Deux ans avant La Jolie Fermière, Charles Walters avait déjà dirigé Judy Garland dans Easter Parade, Parade de printemps sous son titre français, aux côtés de Peter Lawford, Ann Miller et Fred Astaire, tiré d’une semi retraite qui forme alors un duo délicieux sur When the Midnight choo-choo leaves for Alabama. Cette comédie musicale à l’atmosphère nostalgique très Belle Epoque est conçue en une suite impressionnante de numéros avec pas moins de dix-sept chansons écrites et composées par Irving Berlin. Au sujet de ce grand classique de la comédie musicale américaine, Arthur Freed dira : « Judy était ravie de travailler avec Fred Astaire. Le souci qu’elle mettait à peaufiner ses chansons, elle le reporta sur ses numéros dansés. Et elle pigeait vite. Je n’ai jamais vu quelqu’un répéter aussi dur qu’elle. »
Vous avez sans doute reconnu ce Gotta have me go with you que chante avec conviction Judy Garland dans Une Etoile est née. Autre rôle phare de la carrière de l’actrice qui prête ses traits à Esther Blodgett, chanteuse en devenir qui va se faire engager par un célèbre studio hollywoodien sur l’insistance de James Mason qui joue, lui, un acteur sur le déclin. Ce remake de George Cukor de 1954 de ce monument du cinéma américain qui compte à ce jour quatre versions, après la première version de William Wellman en 1937, et la dernière en date de Bradley Cooper en 2018, sera aussi le dernier grand rôle chantant de Judy Garland. Warner Bros a confié la partition musicale à Harold Arlen, Ira Gershwin et Leonard Gersh, dirigée par Ray Heindorf.

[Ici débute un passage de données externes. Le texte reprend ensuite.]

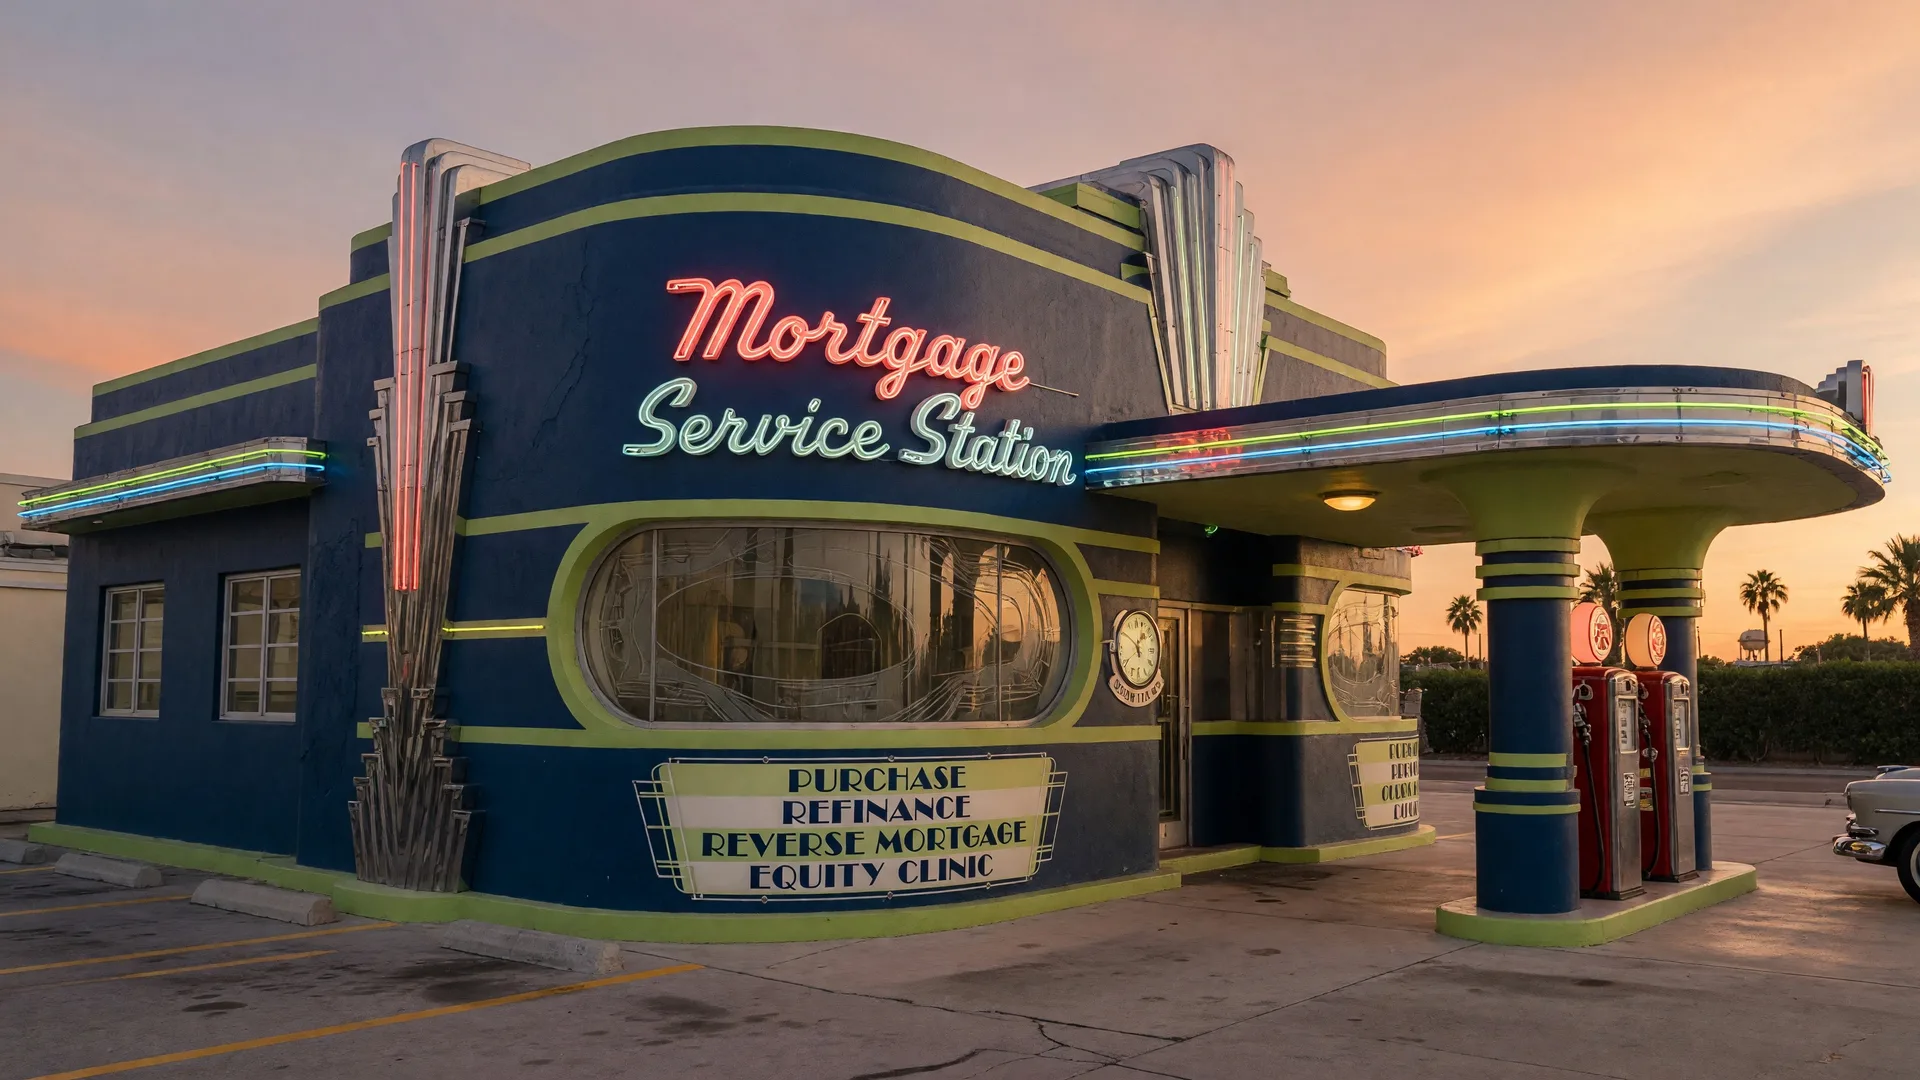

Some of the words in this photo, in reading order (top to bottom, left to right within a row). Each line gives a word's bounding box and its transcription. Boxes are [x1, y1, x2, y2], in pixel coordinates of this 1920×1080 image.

[666, 278, 1030, 410] Mortgage
[622, 377, 890, 460] Service
[898, 392, 1077, 487] Station
[788, 765, 967, 793] PURCHASE
[782, 795, 971, 824] REFINANCE
[701, 832, 867, 857] REVERSE
[875, 821, 1027, 853] MORTGAGE
[749, 862, 889, 890] EQUITY
[897, 854, 994, 884] CLINIC

S’il s’était écoulé quatre ans entre La Jolie Fermière et Une Etoile est née, il s’en écoulera encore sept avant que Judy Garland ne retourne un nouveau film, en 1961, Jugement à Nüremberg, de Stanley Kramer, qui pour le coup est antipodes des films légers habituels. Mais c’est dans un autre film, Un Enfant attend, de John Cassavetes, deux ans plus tard, que Judy Garland affiche son talent d’actrice dramatique dans le rôle d’une musicienne désabusée, engagée par une clinique, dirigée par Burt Lancaster, pour des séances de musicothérapie auprès d’enfants inadaptés. Ce sera son dernier grand rôle tandis que la musique est signée Ernest Gold.
Quelques conseils pour prolonger…
Judy Garland, splendeurs et chute d'une légende, un excellent livre de Bertrand Tessier, grand spécialiste de Judy Garland en France, à qui l’on doit ce livre de référence paru en mai 2019 aux éditions de L'Archipel. Au rayon DVD, je ne saurais que trop vous recommander 90 ans de la Warner, un magnifique coffret de dix DVD, paru en 2015, réunissant des comédies musicales mythiques dont Le Magicien d’Oz, Le Chant du Missouri, Une Etoile est née ou encore Le Pirate.
Et on se quitte avec I could go on singing (Je pourrais continuer à chanter) qu’interprète, sur une musique de Mort Lindsey, Judy Garland en 1963 dans le film du même nom de Ronald Neame rebaptisé L’Ombre du passé en français. Son dernier film aussi et l’histoire d’une chanteuse à succès, qui tente de reprendre contact avec son fils qu'elle a abandonné à sa naissance et qui a été éduqué par son père, joué par Dirk Bogarde.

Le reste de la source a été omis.